■ Material for this task:
---+---

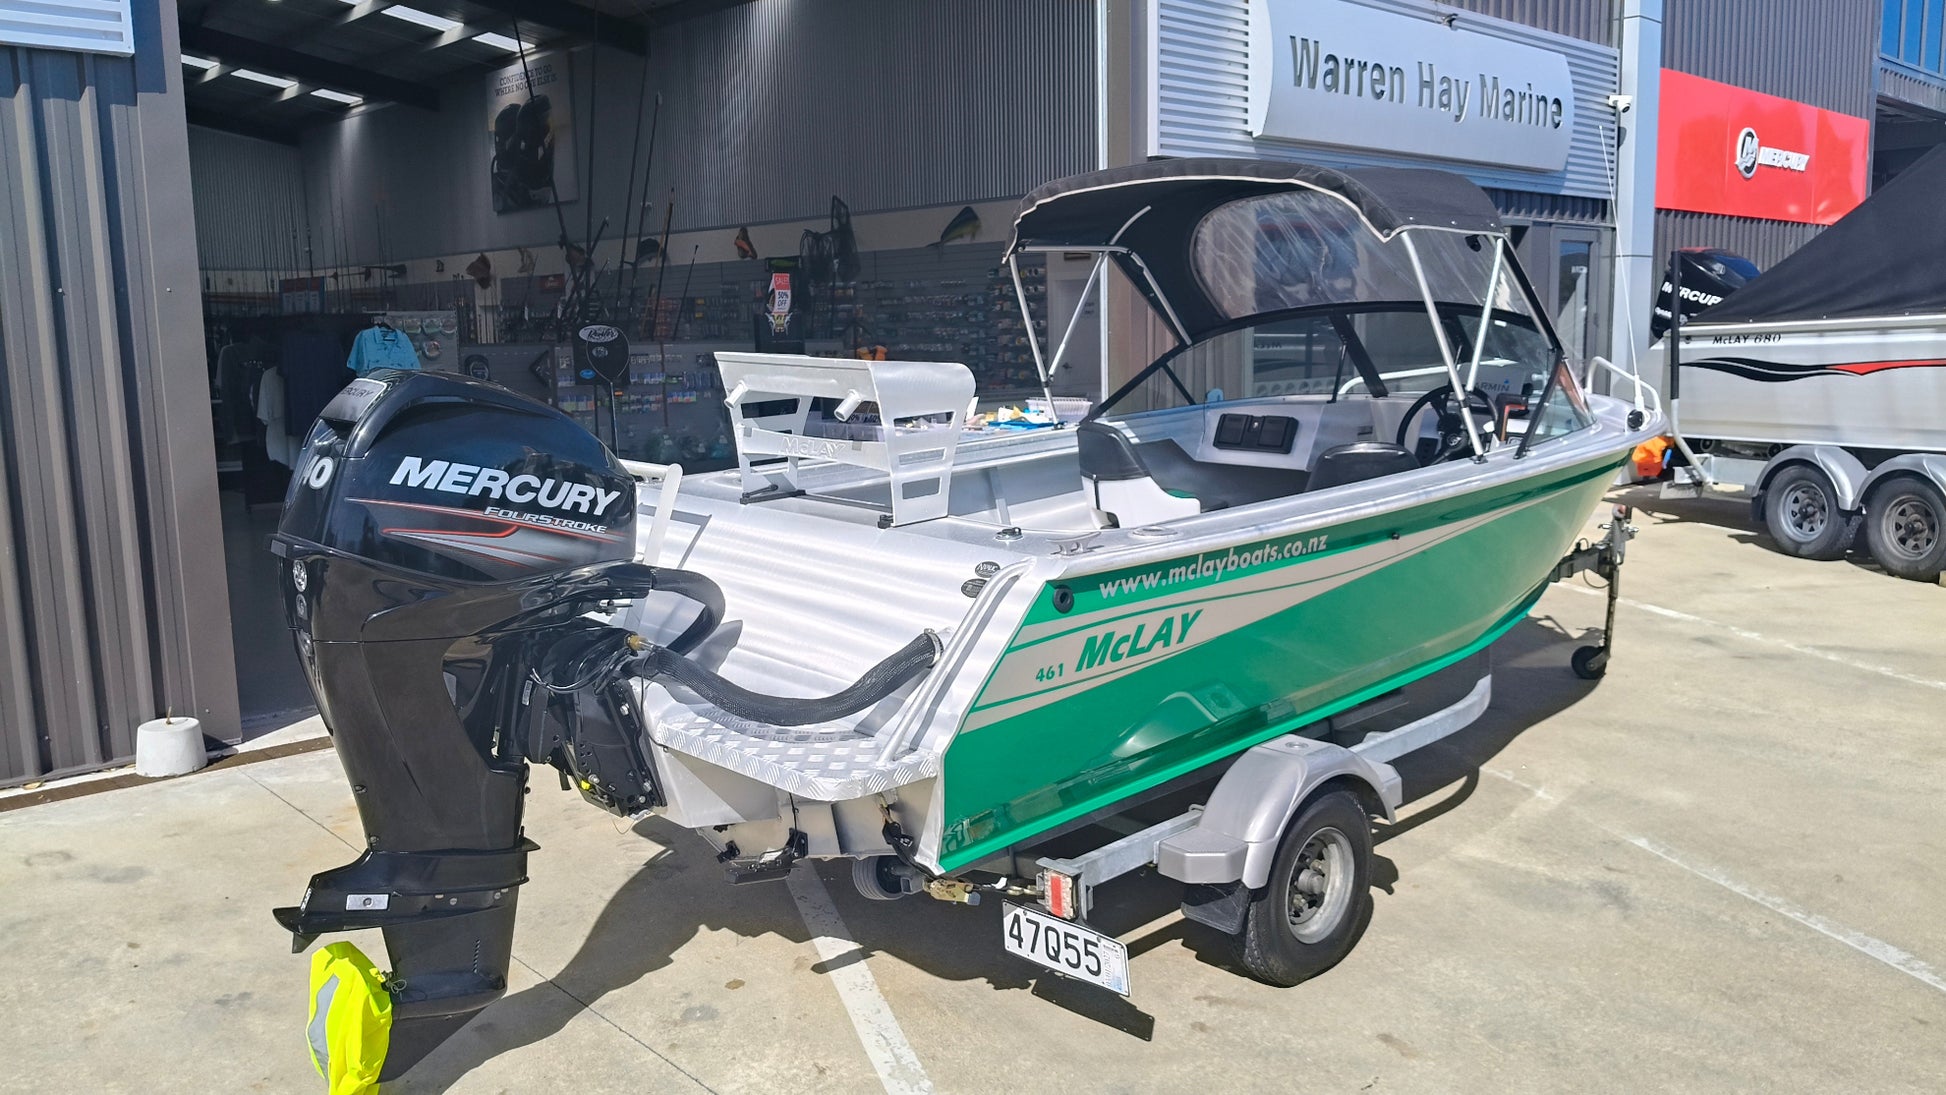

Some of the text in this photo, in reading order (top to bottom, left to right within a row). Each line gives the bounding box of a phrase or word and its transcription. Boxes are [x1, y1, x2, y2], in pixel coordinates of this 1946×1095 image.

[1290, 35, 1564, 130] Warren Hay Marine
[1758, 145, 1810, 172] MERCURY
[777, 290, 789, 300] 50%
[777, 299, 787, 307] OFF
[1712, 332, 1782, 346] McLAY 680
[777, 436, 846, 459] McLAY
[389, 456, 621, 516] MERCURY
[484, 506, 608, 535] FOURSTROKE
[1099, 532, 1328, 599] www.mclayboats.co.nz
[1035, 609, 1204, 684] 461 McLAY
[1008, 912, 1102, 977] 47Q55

---+---

■ Exercise: Repeat everything in the records above exactly; pictures are not part of the copy.

■ Worked solution:
Some of the text in this photo, in reading order (top to bottom, left to right within a row). Each line gives the bounding box of a phrase or word and its transcription. Boxes are [x1, y1, x2, y2], in pixel coordinates of this 1946×1095 image.

[1290, 35, 1564, 130] Warren Hay Marine
[1758, 145, 1810, 172] MERCURY
[777, 290, 789, 300] 50%
[777, 299, 787, 307] OFF
[1712, 332, 1782, 346] McLAY 680
[777, 436, 846, 459] McLAY
[389, 456, 621, 516] MERCURY
[484, 506, 608, 535] FOURSTROKE
[1099, 532, 1328, 599] www.mclayboats.co.nz
[1035, 609, 1204, 684] 461 McLAY
[1008, 912, 1102, 977] 47Q55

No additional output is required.